Ross McKibbin is right to question the empty rhetoric of the Third Way (LRB, 3 September), but his own thinking is old hat. He implies that today’s economy is little different from that of 1931 and that we need to relearn a few simple lessons. Rather than parade his Old Labour prejudices, perhaps he could explain just how the lessons of Britain’s economic and monetary policy in the Twenties are relevant to us in 1998. Has he not noticed the change in the levels of taxation and of transfer payments in the intervening period? Or the fact that more than twice Britain’s annual income is now traded in London in one form or another every day? Or that the main cause of death is heart disease not TB, as I believe it still was in 1931? He asks why no one today believes that the best way of solving a social problem (when he really means poverty) is to throw money at it. If only life was so simple. He doesn’t seem to have appreciated the universal truth of human behaviour that Mrs Thatcher knew very well: no one likes paying taxes. Furthermore, the more tax levied on us to transfer to poorer people, the more entitled we feel to some of that money.

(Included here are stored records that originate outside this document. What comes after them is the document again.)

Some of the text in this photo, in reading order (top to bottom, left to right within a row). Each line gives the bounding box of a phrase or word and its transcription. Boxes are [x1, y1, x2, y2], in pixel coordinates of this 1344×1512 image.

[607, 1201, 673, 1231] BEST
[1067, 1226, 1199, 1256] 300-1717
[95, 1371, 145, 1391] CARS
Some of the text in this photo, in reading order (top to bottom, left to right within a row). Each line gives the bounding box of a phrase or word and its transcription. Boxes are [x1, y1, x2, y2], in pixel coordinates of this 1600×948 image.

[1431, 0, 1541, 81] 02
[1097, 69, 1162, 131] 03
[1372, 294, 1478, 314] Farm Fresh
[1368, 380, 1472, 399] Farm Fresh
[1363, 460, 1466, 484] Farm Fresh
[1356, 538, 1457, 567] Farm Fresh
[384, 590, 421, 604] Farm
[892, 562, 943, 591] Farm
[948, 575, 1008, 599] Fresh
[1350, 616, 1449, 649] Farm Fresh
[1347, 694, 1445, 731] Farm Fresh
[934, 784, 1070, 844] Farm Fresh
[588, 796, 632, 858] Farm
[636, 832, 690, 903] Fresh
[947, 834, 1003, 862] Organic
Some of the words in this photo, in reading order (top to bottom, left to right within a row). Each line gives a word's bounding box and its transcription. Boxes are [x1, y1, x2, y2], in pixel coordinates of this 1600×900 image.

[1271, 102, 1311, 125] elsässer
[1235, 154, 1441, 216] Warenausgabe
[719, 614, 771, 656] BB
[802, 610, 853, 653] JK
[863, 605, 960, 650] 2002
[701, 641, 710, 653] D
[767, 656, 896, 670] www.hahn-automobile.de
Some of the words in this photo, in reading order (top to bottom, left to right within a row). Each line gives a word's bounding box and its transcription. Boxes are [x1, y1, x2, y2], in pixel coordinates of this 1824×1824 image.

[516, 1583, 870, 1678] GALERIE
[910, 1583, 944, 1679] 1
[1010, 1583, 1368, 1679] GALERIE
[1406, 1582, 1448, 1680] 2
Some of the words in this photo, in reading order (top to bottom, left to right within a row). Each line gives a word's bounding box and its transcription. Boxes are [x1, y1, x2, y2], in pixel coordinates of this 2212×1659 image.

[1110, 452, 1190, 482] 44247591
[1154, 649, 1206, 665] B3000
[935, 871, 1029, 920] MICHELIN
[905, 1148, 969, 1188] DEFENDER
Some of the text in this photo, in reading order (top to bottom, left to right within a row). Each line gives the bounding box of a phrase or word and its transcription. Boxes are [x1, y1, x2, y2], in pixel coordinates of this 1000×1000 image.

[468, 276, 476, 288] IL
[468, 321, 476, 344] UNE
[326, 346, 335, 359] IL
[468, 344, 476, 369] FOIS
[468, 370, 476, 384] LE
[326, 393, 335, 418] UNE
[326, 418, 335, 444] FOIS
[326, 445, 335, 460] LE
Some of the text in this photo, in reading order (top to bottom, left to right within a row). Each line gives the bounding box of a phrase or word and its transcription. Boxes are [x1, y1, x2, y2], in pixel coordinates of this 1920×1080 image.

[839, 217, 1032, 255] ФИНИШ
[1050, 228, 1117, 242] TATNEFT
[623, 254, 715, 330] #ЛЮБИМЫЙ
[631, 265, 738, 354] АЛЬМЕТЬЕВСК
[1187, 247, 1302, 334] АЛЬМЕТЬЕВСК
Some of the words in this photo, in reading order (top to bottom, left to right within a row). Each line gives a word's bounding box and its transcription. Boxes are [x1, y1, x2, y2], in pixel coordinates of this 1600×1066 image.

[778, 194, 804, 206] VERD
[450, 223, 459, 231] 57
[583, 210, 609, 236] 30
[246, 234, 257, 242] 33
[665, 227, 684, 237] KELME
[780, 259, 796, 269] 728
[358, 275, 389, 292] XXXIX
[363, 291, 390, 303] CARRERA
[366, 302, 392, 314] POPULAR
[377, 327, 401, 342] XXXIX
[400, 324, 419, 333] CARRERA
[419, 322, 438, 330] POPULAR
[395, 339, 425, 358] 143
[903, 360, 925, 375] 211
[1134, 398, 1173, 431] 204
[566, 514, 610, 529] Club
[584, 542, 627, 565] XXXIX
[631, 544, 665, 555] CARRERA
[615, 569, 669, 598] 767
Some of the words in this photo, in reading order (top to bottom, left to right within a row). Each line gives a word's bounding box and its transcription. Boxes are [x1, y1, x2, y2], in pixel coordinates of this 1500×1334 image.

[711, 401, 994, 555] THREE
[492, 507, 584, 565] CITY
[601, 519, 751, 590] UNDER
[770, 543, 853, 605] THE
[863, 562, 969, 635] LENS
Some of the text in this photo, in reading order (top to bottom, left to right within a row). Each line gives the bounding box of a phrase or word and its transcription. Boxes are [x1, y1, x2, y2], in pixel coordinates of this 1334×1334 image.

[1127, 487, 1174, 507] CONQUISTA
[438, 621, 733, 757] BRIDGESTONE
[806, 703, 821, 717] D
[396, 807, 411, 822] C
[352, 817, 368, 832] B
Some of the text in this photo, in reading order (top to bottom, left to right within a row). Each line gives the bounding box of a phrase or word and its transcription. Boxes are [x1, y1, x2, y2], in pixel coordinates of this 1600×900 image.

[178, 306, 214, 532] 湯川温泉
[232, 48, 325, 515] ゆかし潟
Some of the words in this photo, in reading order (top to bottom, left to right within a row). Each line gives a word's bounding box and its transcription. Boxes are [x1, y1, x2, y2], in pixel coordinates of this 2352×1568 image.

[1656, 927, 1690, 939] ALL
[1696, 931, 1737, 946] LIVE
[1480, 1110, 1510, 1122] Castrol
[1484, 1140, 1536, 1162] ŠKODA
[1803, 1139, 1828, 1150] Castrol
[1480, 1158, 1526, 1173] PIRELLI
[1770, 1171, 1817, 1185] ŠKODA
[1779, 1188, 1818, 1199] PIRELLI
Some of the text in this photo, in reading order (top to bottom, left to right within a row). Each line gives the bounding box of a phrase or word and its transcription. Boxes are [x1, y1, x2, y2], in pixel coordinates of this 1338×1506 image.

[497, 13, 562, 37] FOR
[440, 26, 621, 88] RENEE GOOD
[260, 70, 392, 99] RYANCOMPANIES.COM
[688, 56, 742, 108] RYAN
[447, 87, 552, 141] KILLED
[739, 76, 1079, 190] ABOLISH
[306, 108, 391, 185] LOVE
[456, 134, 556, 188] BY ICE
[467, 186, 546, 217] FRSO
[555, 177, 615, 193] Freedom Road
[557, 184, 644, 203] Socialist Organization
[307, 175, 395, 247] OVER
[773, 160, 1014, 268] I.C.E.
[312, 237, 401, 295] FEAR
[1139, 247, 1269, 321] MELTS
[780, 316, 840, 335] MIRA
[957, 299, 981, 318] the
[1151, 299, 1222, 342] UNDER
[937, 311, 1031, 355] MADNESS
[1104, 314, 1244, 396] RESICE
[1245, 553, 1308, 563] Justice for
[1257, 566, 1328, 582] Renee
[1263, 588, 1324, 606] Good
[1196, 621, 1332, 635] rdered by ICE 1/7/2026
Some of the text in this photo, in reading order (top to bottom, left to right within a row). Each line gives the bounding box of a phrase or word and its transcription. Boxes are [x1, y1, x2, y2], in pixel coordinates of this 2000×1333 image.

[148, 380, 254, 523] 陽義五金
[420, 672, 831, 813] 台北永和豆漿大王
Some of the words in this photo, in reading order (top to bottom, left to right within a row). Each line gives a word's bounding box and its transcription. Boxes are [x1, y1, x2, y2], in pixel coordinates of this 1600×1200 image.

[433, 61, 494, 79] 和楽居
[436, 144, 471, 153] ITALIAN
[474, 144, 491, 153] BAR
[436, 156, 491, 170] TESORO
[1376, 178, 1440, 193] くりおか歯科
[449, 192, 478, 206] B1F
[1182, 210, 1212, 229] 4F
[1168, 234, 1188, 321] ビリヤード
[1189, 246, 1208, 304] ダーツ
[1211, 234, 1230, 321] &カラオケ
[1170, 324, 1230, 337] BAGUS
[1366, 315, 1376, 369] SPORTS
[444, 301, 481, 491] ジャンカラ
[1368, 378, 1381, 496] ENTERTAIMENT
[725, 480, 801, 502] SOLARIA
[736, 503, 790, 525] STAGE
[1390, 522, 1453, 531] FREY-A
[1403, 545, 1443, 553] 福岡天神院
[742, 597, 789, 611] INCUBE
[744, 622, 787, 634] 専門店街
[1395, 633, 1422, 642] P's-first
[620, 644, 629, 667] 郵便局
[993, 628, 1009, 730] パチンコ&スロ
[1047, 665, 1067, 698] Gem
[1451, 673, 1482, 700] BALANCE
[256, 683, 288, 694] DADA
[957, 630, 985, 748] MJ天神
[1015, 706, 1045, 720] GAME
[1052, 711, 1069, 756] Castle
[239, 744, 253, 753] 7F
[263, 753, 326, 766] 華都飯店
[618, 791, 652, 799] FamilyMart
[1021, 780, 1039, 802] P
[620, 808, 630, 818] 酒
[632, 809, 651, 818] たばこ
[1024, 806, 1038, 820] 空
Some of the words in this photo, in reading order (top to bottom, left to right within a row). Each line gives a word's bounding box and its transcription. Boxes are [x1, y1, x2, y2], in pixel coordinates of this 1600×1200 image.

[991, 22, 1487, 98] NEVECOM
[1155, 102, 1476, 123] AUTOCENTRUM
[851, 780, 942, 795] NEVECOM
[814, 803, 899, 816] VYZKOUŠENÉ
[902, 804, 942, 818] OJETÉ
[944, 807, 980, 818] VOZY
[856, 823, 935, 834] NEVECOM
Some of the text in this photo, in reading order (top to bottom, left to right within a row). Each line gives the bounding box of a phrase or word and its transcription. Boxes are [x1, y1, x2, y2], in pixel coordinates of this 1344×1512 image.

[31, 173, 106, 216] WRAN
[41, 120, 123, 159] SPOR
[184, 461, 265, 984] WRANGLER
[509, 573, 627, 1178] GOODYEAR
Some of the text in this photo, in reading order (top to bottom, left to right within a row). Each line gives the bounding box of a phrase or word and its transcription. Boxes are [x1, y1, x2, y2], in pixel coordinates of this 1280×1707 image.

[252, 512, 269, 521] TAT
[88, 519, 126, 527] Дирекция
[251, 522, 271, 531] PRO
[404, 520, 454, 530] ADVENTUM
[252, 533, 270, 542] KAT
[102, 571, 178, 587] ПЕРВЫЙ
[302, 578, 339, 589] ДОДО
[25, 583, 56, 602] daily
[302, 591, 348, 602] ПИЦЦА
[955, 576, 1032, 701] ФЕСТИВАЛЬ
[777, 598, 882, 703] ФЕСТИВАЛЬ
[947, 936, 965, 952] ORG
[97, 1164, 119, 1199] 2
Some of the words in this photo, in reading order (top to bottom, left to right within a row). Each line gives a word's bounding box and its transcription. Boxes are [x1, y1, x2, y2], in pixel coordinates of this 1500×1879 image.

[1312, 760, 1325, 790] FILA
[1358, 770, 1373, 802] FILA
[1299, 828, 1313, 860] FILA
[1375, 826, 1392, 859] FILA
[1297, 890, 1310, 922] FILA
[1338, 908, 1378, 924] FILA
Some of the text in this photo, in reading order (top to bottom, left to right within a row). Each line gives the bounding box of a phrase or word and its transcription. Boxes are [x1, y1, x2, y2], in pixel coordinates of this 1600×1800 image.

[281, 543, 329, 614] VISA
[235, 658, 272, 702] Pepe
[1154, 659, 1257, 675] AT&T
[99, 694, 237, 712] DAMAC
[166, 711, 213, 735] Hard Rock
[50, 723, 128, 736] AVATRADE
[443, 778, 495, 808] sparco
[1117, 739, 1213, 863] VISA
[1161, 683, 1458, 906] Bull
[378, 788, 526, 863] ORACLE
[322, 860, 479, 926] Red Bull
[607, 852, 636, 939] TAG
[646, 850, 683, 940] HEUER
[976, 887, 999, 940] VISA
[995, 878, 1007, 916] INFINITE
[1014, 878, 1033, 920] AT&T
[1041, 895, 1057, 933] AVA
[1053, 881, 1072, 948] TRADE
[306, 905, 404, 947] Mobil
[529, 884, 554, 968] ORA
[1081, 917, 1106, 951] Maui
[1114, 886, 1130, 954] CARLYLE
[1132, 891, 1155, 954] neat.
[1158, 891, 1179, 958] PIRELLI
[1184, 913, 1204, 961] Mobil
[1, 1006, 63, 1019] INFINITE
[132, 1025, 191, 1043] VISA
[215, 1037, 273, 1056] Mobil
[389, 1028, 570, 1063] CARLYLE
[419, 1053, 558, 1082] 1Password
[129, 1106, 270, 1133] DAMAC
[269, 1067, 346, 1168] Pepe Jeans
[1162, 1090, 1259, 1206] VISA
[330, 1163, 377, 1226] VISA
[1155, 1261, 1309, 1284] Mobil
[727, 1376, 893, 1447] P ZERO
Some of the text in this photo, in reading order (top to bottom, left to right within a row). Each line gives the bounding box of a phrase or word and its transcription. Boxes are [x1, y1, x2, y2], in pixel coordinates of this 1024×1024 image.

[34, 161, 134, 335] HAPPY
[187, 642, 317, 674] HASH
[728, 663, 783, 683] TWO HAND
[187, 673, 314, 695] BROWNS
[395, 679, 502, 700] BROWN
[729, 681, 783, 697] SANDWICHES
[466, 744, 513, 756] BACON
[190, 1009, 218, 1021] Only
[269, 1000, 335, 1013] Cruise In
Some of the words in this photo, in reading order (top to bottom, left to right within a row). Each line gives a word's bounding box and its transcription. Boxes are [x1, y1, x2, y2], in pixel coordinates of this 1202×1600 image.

And what about Europe? McKibbin writes as if we were an island entire unto ourselves. An independent central bank is part of the price we have to pay to allow our entry into the single currency. In this respect, the Government is very New indeed. Does McKibbin believe that joining the single currency is even worse than giving up power over interest rates? Or does he agree with the now apparently orthodox view among Euro sceptic Conservatives that a little bit of inflation is good for us and that we can easily survive with ‘more flexibility’ outside this new currency area?